Sono entrato in possesso della lettera alla redazione da parte di Massimo Russo,  Direttore di «Wired», che illustra i cambiamenti della rivista da dicembre sia in termini di contenuti, di pubblico di riferimento e, soprattutto, di cultura.
- word cloud lettera redazione Wired -
– word cloud lettera redazione Wired -

La pubblico integralmente poichè i contenuti sono davvero interessanti da diversi punti di vista. Come si può leggere infatti, oltre alle novità che caratterizzeranno la testata, sia nella sua edizione cartacea che digitale, è  la filosofia, l’approccio che è di valore.
Si va oltre la specializzazione per piattaforma, finalmente, per arrivare ad una connotazione della rivista per tema. Si chiarisce, opportunamente poichè forse a molti non è ancora del tutto chiaro, che una strategia digital first non significa pubblicare prima online e poi sulla carta ma avere una presenza in Rete a tutto tondo presidiando e mantenendo la relazione con le comunità di riferimento.
Dalla lettera si comprendono anche nuovi modelli di business, nuove fonti di ricavo generate attraverso estensioni fisiche e “virtuali” del brand, della testata, e una maggiore apertura nella relazione con i lettori con la possibilità di costruire pezzi/storie insieme a loro.
Più che di tecnica credo si tratti di un approccio, di attitudine mentale, insomma di cultura. Giudicate voi stessi.
ALLA REDAZIONE
Dal numero di dicembre cambieremo Wired Italia. Dopo tutte le riunioni, le discussioni, la fatica per raffinare e confutare le idee, ci siamo. Sappiamo tutti quel che c’è da fare, ma un minuto prima del “pronti, via” sento comunque il bisogno di condividere la piccola solennità del momento.
“Questo non è un giornale” è la frase che meglio rappresenta il nuovo metodo.
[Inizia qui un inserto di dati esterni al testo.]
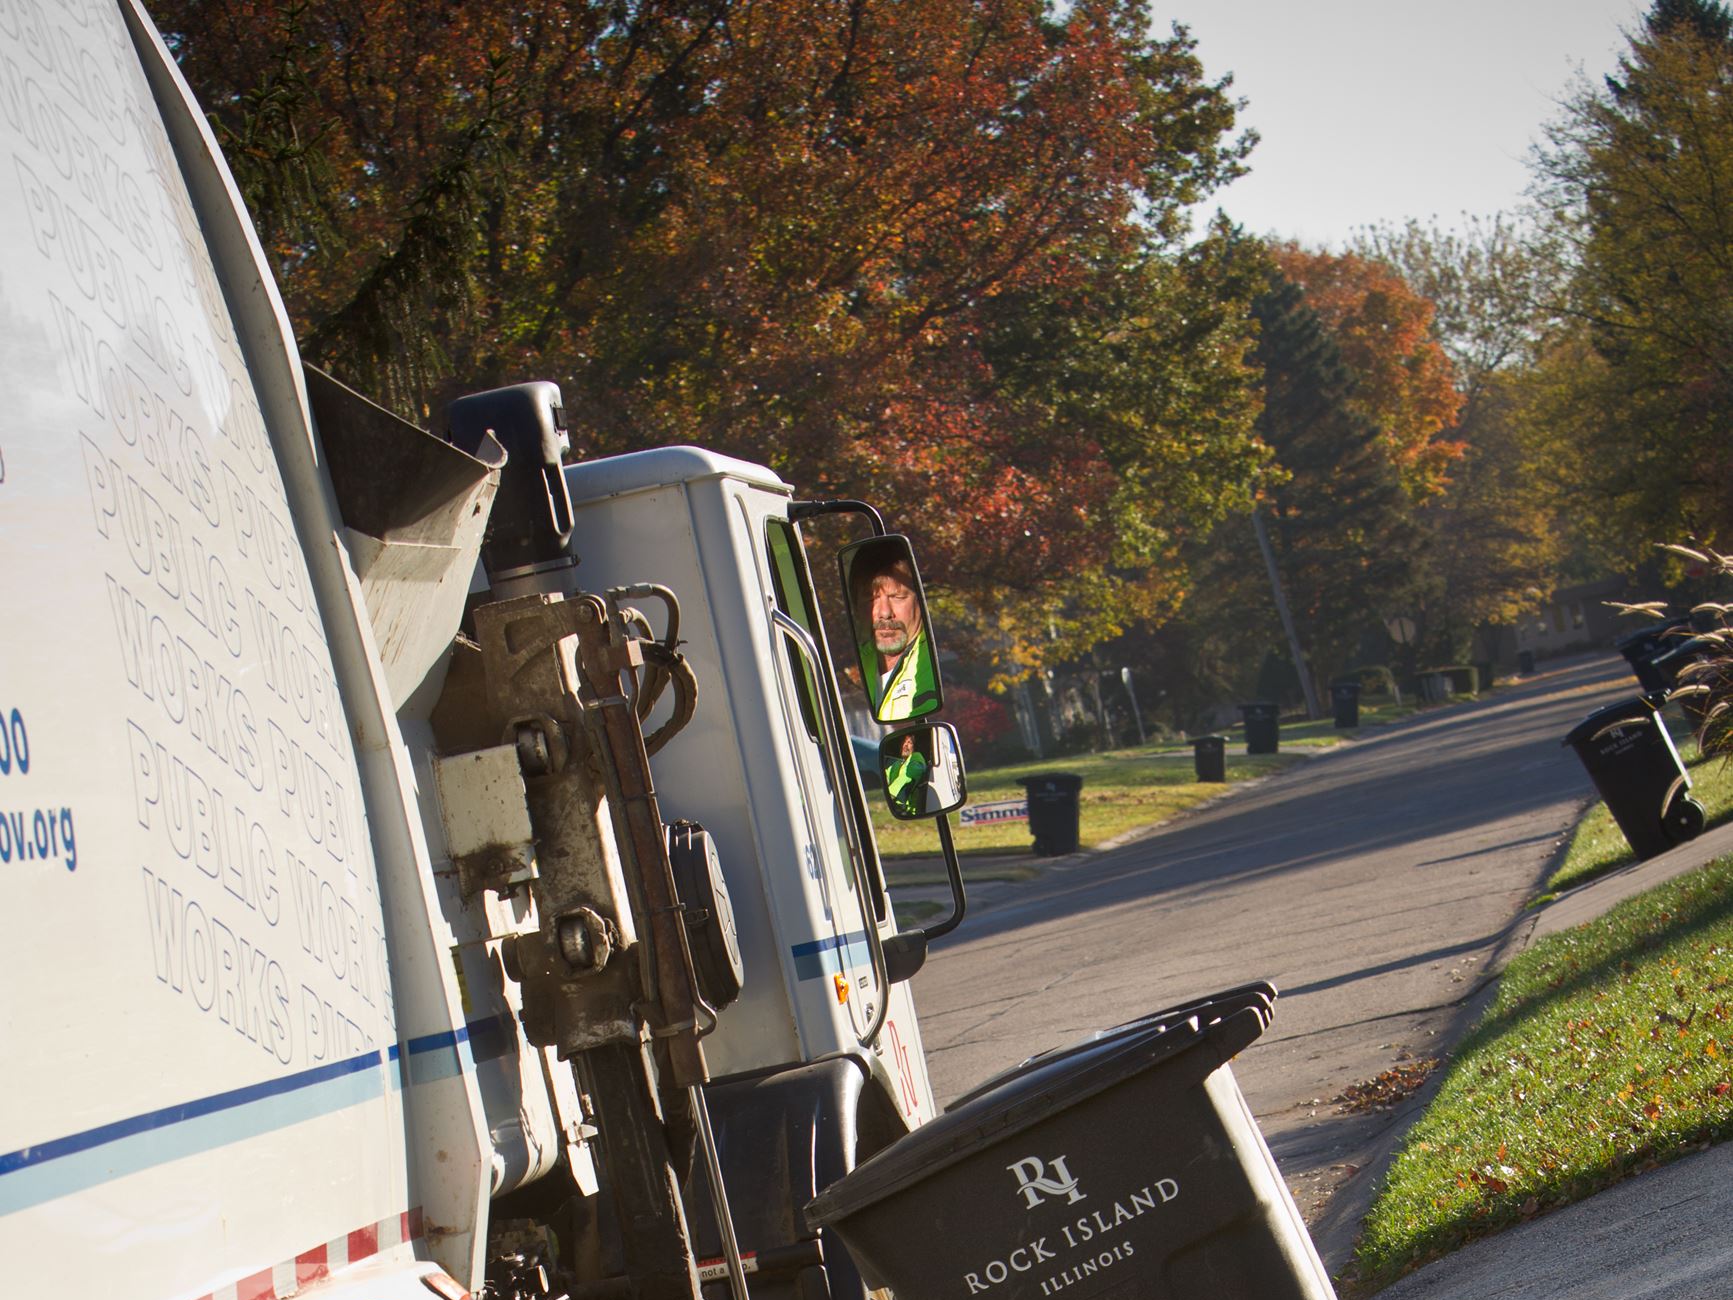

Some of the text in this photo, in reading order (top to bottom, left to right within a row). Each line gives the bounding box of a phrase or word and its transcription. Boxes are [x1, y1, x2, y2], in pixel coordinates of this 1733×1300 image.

[11, 152, 193, 398] PUBLIC
[47, 288, 221, 529] WORKS
[79, 430, 242, 659] PUBLIC
[105, 572, 264, 792] WORKS
[0, 806, 78, 872] ov.org
[126, 717, 281, 928] PUBLIC
[142, 865, 294, 1066] WORKS
[701, 1267, 717, 1278] not
[963, 1178, 1180, 1295] ROCK ISLAND
[1040, 1240, 1135, 1296] ILLINOIS
Al mensile, rinnovato secondo il progetto che abbiamo realizzato insieme in questi mesi, si affiancheranno in modo sempre più significativo l’organizzazione di eventi (Live) e il digitale, con il nuovo sito. Il nostro fuoco non sarà più la tecnologia ma l’innovazione, e l’intersezione tra questa e l’economia, con l’obiettivo di non raccontare solo storie ma di fornire soprattutto strumenti utili. Non più futuro remoto, ma soluzioni per il presente. Su questi temi dovremo avere la capacità di battere moneta, creando informazione, dettando opinione. La nostra comunità di riferimento saranno i millennials, i nati dopo il 1980, una generazione che non trova nulla che le parli nei media tradizionali, e i “ribelli silenziosi” tra i 35 e i 50 anni, donne e uomini che non si rassegnano alla decrescita felice e – nonostante le profezie di sventura – ogni giorno intraprendono, inventano, sbagliano, realizzano.
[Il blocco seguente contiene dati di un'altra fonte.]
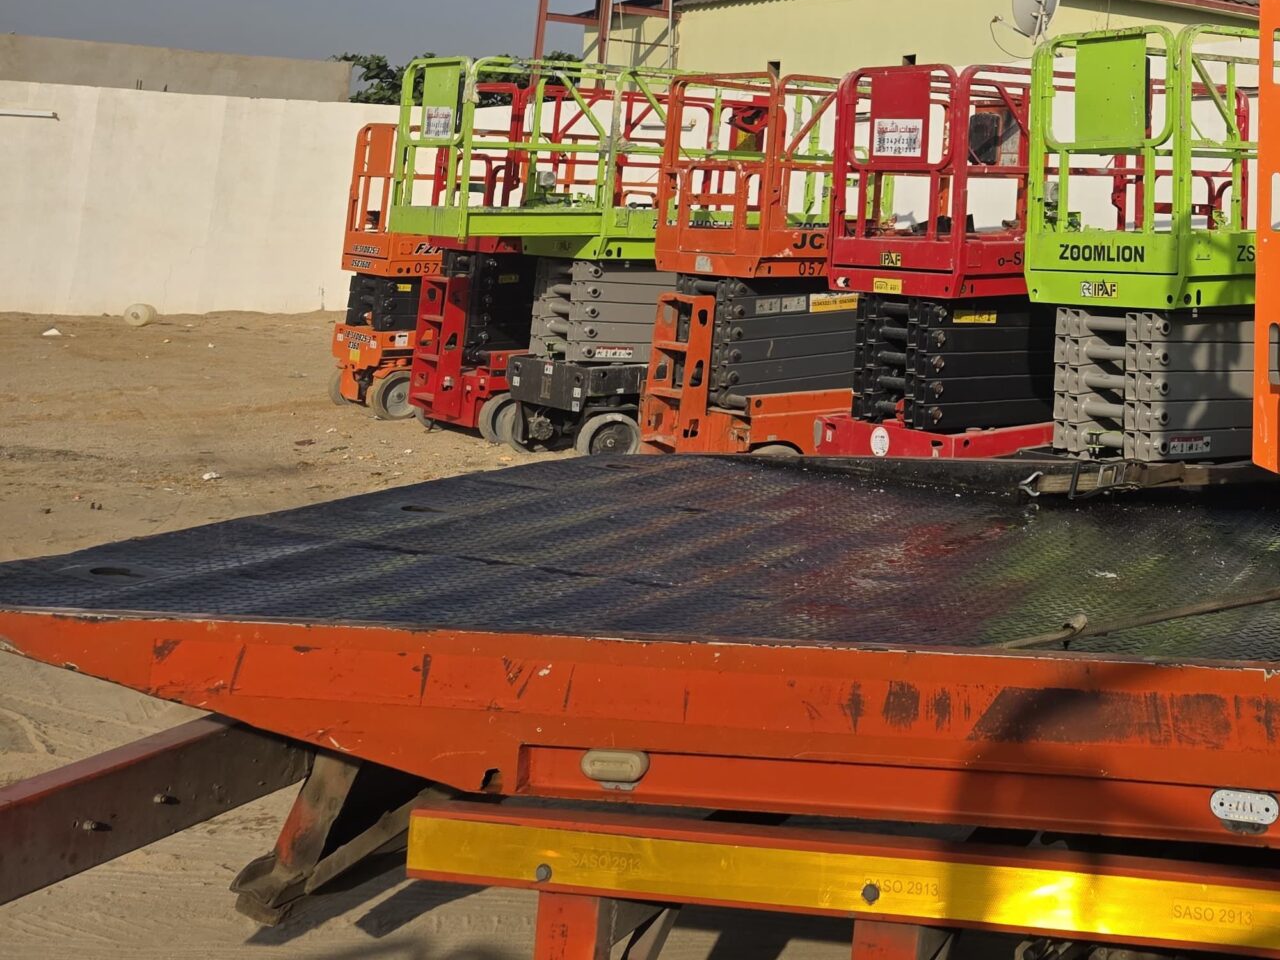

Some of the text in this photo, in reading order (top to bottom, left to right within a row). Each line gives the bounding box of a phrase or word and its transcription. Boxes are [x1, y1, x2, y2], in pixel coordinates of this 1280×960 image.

[880, 250, 902, 267] IPAF
[1059, 243, 1145, 263] ZOOMLION
[415, 262, 439, 274] 057
[798, 262, 824, 276] 057
[1093, 279, 1117, 297] IPAF
[611, 856, 642, 874] 2913
[907, 881, 939, 897] 2913
[1173, 904, 1253, 927] SASO 2913
Siamo la testata di chi si riconosce in un Paese:
  • creativo, fantasioso, vitale, passionale;
  • che vede post–moderno e globale non come una minaccia ma come un’opportunità;
  • aperto e in grado di integrare culture diverse perché consapevole e forte della propria;
  • i cui cittadini sono individui liberi, responsabili, adulti;
  • che crede al merito e alla necessità di assicurare a tutti uguali possibilità;
  • lieve;
  • curioso di scoprire, fiducioso di intraprendere, proiettato verso l’innovazione;
  • preoccupato delle città, del paesaggio e della qualità della vita che lascerà dietro di sé. 
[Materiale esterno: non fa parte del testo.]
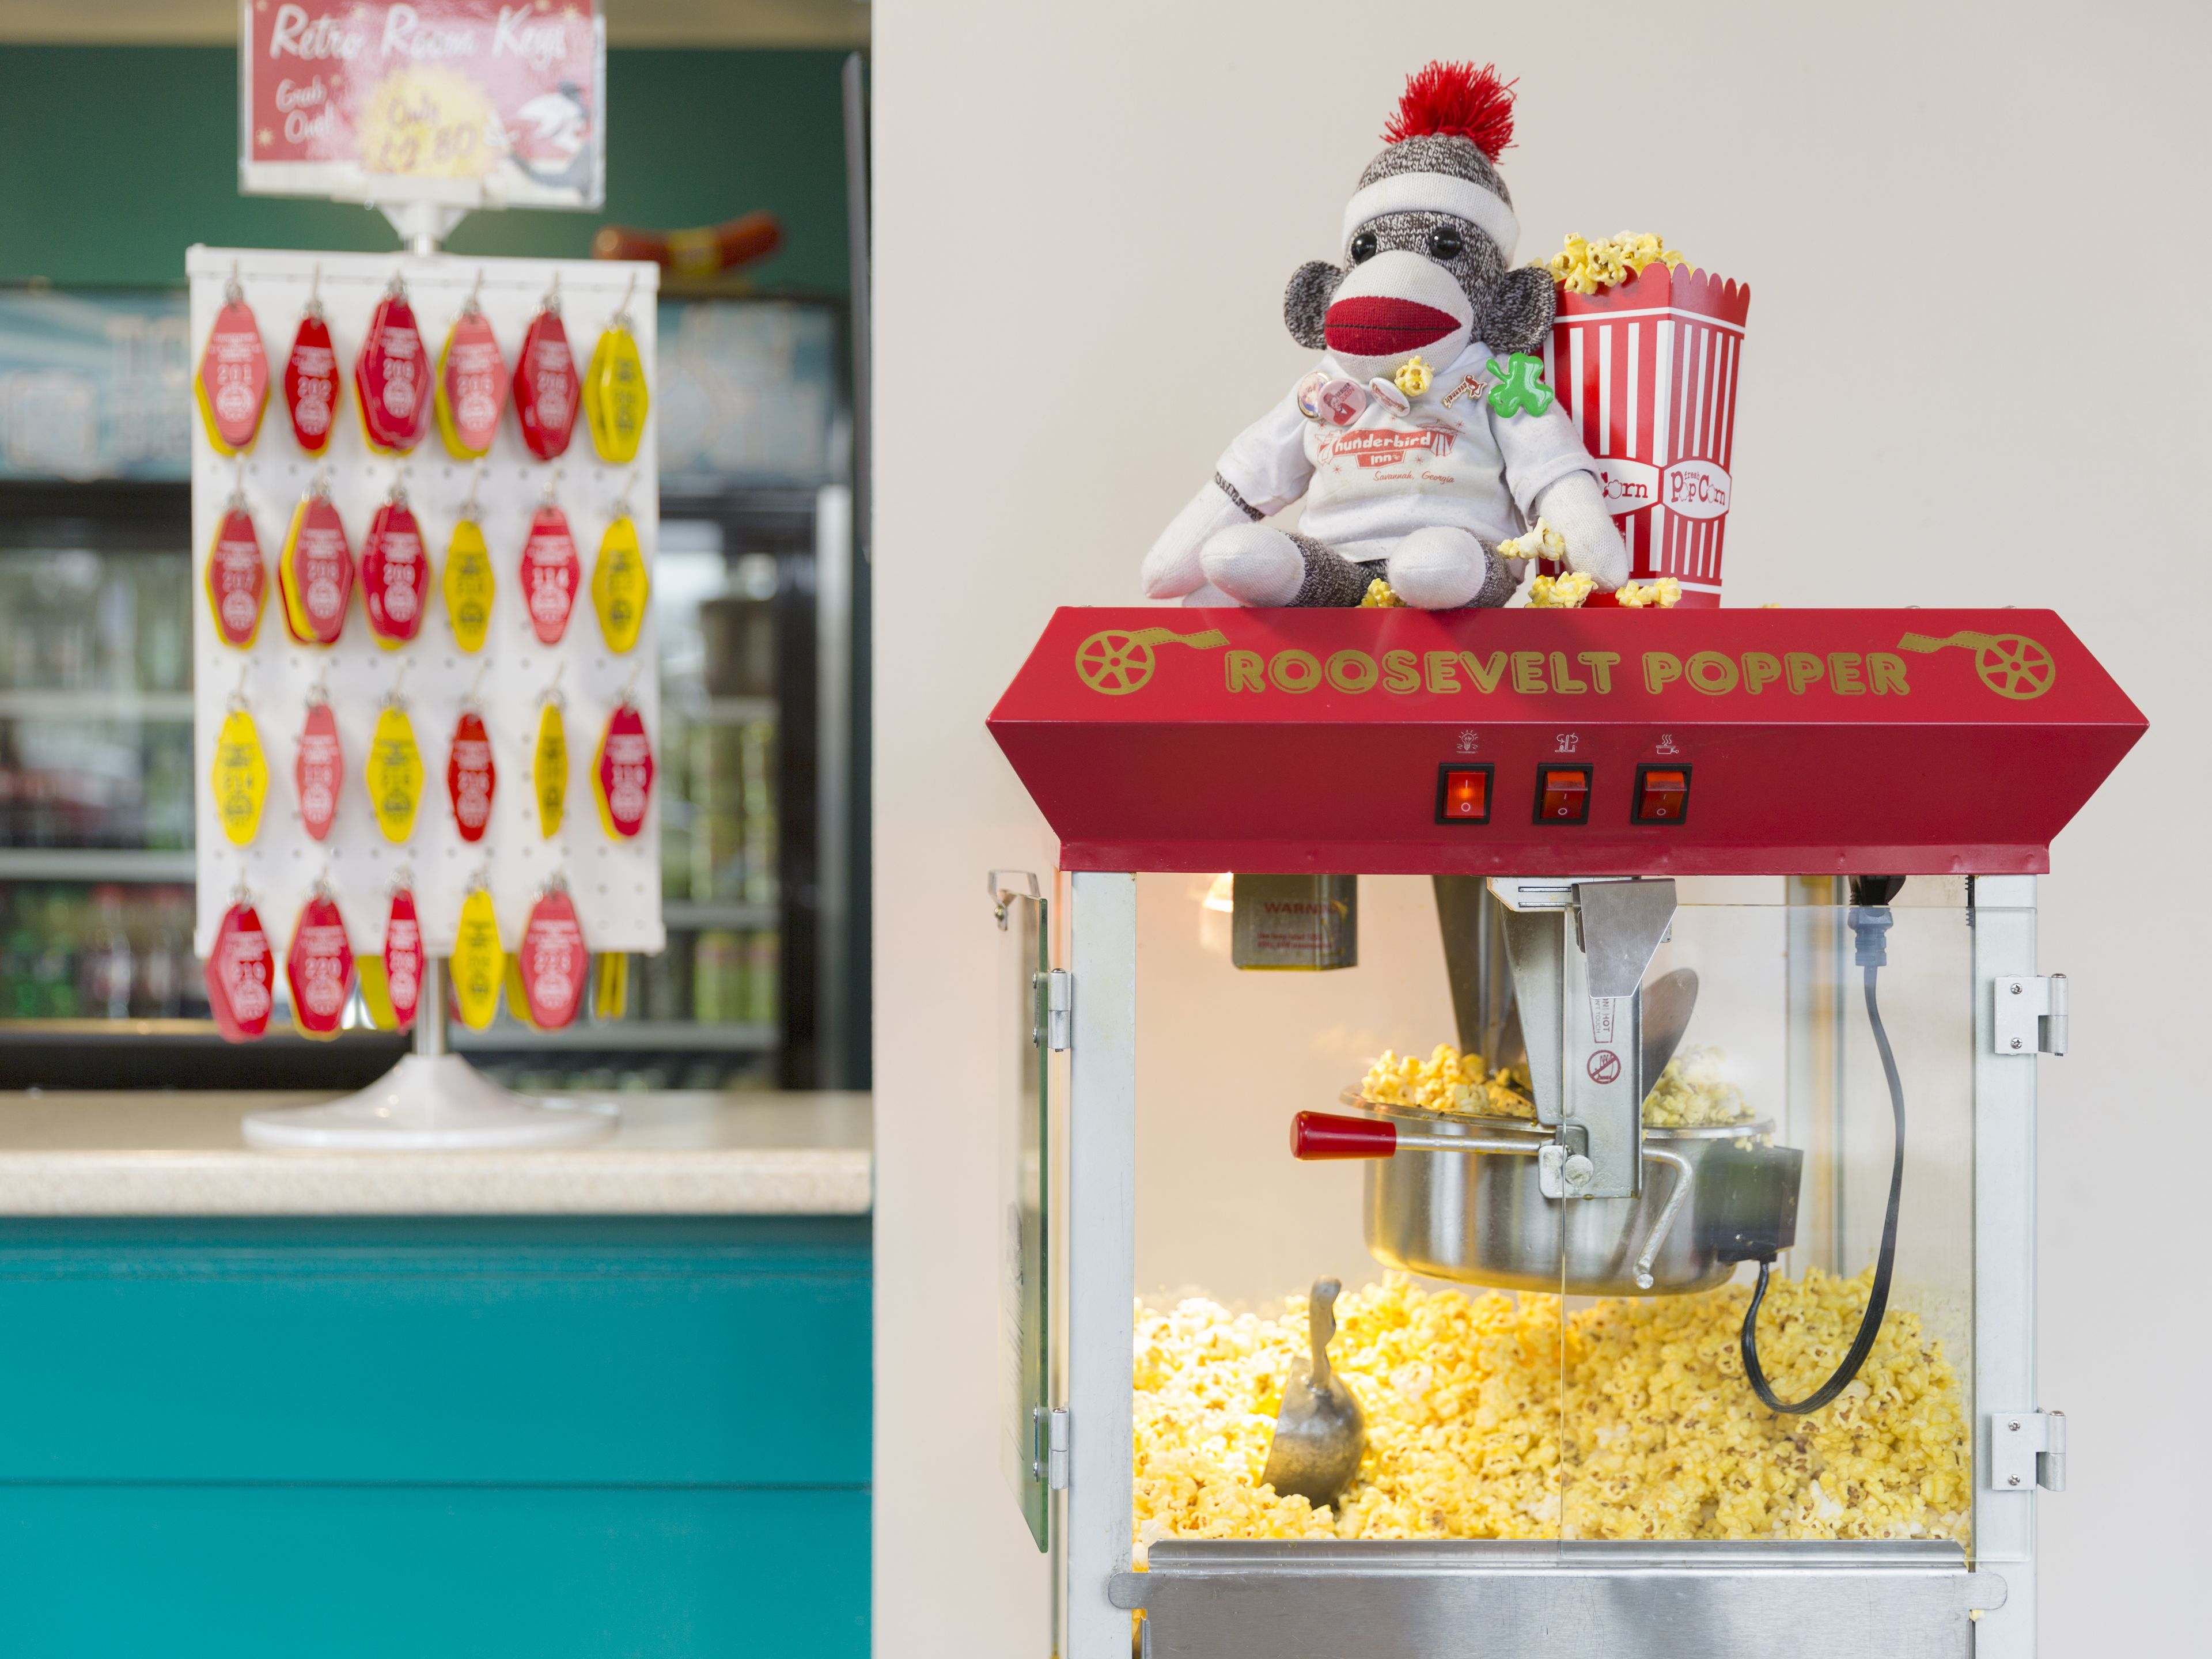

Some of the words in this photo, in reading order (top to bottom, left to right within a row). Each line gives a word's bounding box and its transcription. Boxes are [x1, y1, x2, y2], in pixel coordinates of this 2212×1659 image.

[270, 3, 367, 59] Retro
[381, 3, 478, 58] Room
[491, 5, 566, 70] Keys
[276, 74, 327, 112] Grab
[1340, 388, 1355, 402] QUEEN
[1314, 429, 1431, 466] Thunderbird
[1370, 454, 1392, 465] Inn
[1373, 470, 1415, 482] Savannah,
[1421, 471, 1455, 484] Georgia
[1684, 471, 1699, 480] fresh
[1225, 649, 1620, 695] ROOSEVELT
[1642, 650, 1911, 695] POPPER
Il nuovo Wired non solo tratterà di innovazione ma la metterà in pratica. Saremo il primo magazine in Italia a integrare la redazione tra mobile, web, carta e tablet, e a realizzare il digital first. Le specializzazioni non saranno più per piattaforma ma per tema. Digital first non significa che pubblicheremo prima online e poi sulla carta, ma che il nostro lavoro partirà dalla relazione digitale con la nostra comunità di riferimento: 250mila persone che ogni giorno ci scelgono sul sito e sui social. Non si tratta di un’innovazione tecnica, ma di cultura.
Wired Italia incarna l’innovazione e le promesse che essa porta con sé. Il nostro valore più importante è relazione di fiducia con la comunità che rappresentiamo, con la quale interagiamo attraverso diversi linguaggi e strumenti:
a. il sito web
b. il web oltre il sito (Facebook, Twitter, gli altri social…)
c. la dimensione video
d. l’interactive edition su tablet
e. il mensile
f. le estensioni fisiche e virtuali del marchio (Wired Next Fest, eventi verticali, format video, long form, data journalism, e così via).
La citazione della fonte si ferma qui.